* EXCERPTED RECORDS:
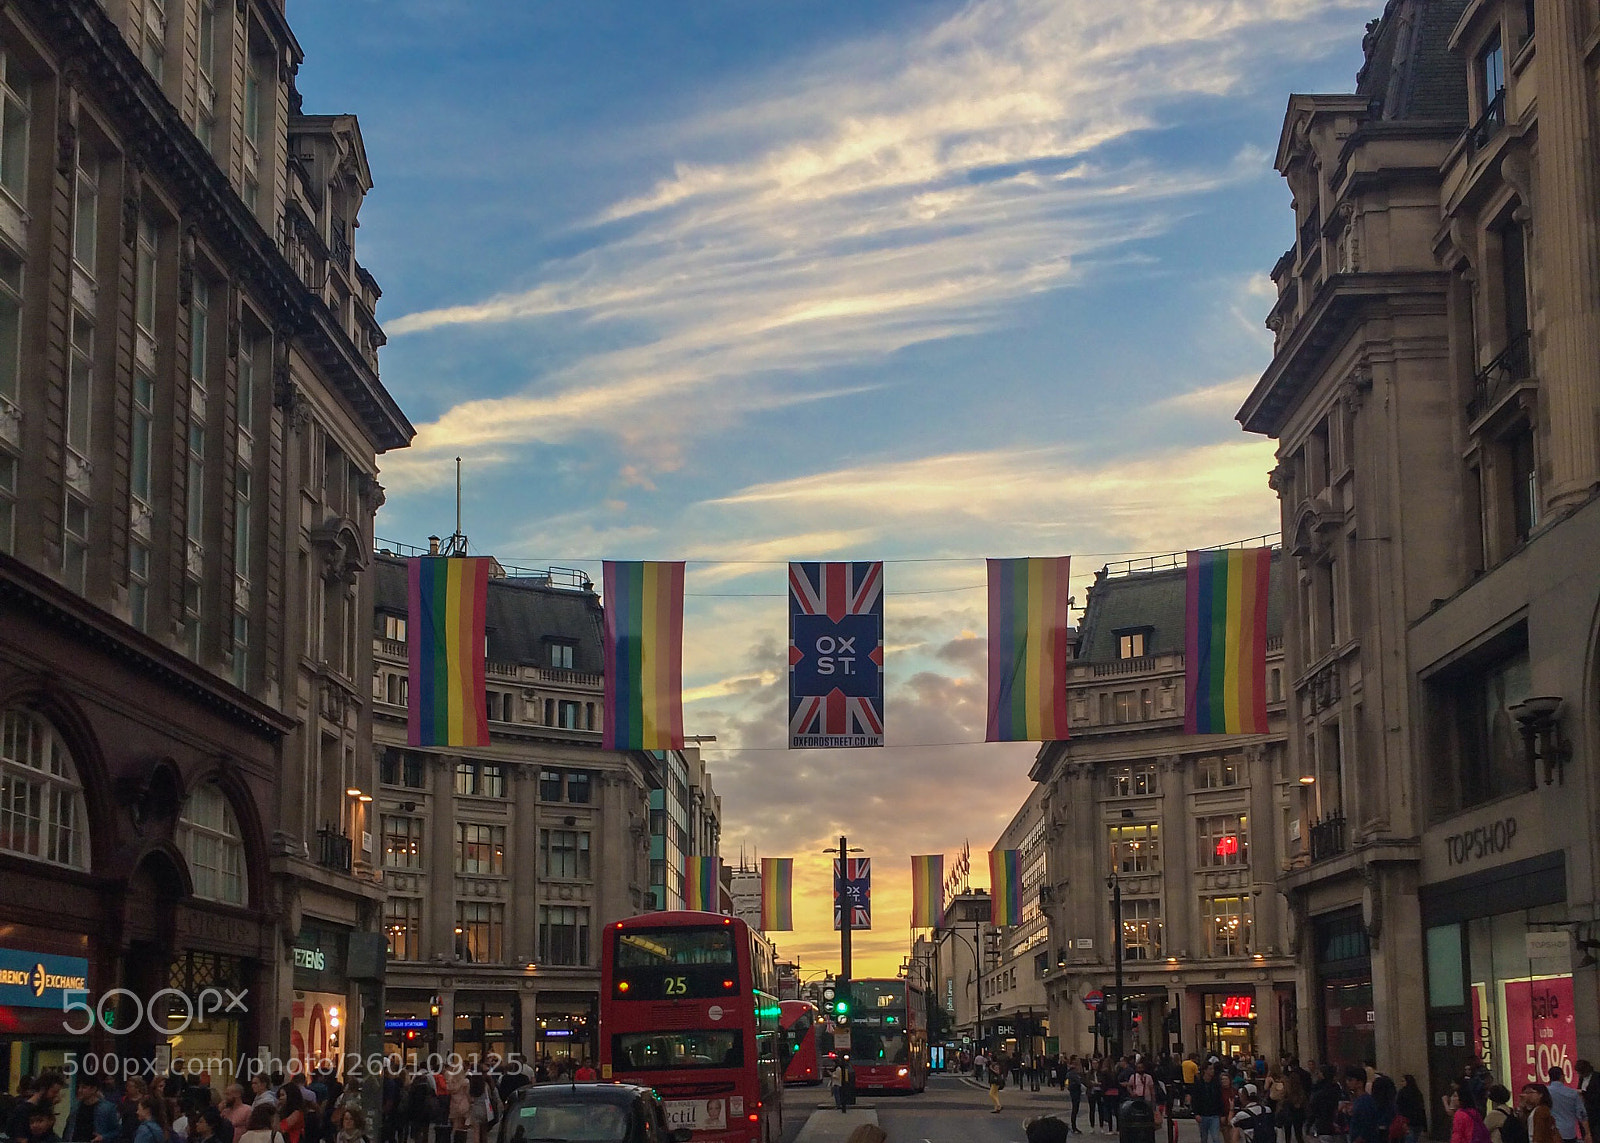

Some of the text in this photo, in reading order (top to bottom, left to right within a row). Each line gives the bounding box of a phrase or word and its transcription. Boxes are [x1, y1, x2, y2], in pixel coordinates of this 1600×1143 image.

[816, 636, 856, 655] OX
[818, 657, 856, 675] ST.
[793, 736, 879, 747] OXFORDSTREET.CO.UK
[1444, 817, 1517, 866] TOPSHOP
[46, 975, 85, 989] EXCHANGE
[665, 976, 687, 995] 25
[1526, 1043, 1573, 1084] 50%
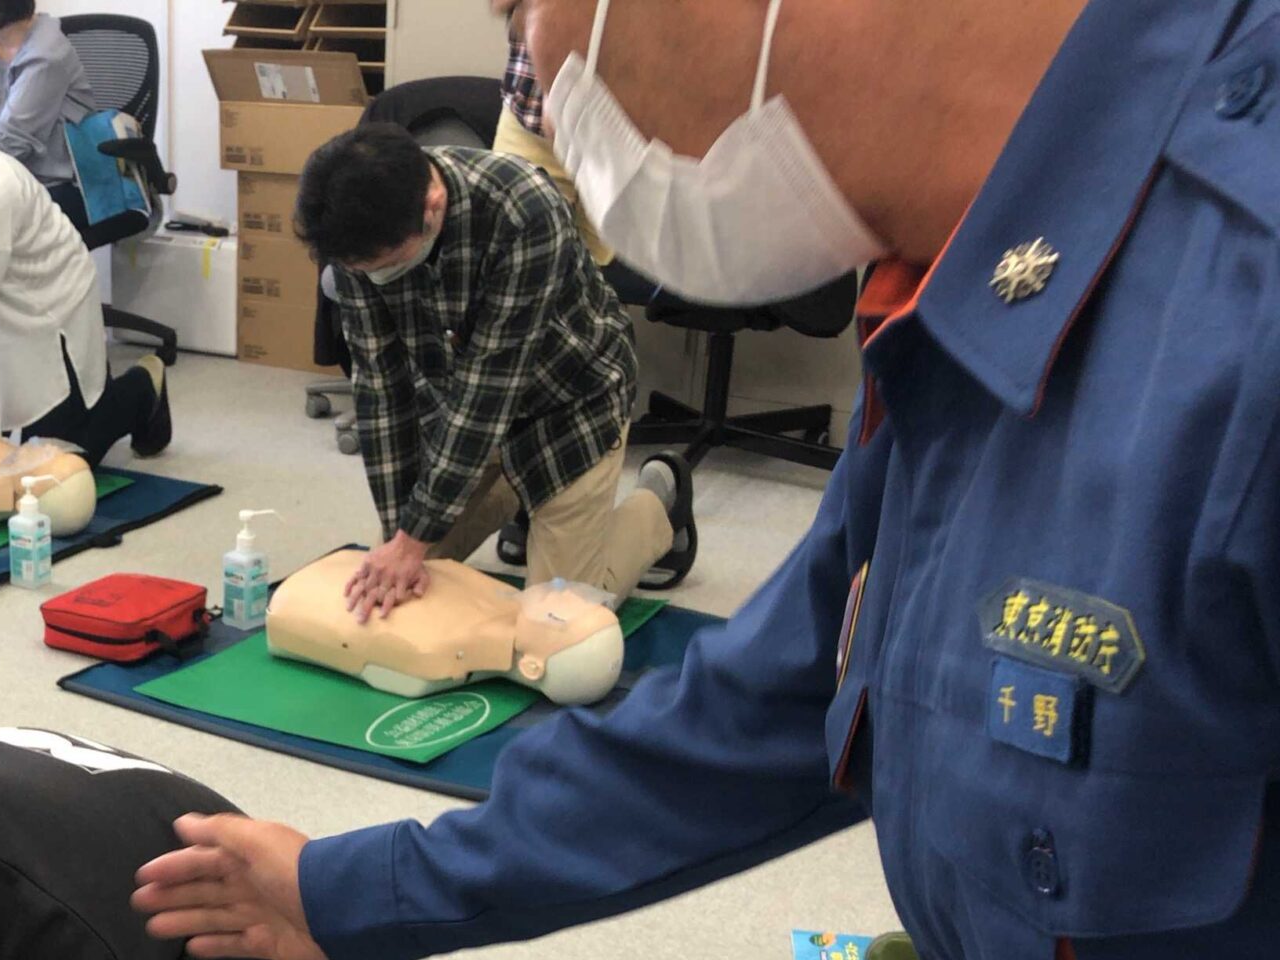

* TASK: Output each record verbatim, but skip anything that is a picture.

* ANSWER TO THE EXERCISE:
Some of the text in this photo, in reading order (top to bottom, left to right within a row). Each line gives the bounding box of a phrase or word and its transcription. Boxes are [x1, y1, x2, y2], in pixel coordinates of this 1600×1143 image.

[816, 636, 856, 655] OX
[818, 657, 856, 675] ST.
[793, 736, 879, 747] OXFORDSTREET.CO.UK
[1444, 817, 1517, 866] TOPSHOP
[46, 975, 85, 989] EXCHANGE
[665, 976, 687, 995] 25
[1526, 1043, 1573, 1084] 50%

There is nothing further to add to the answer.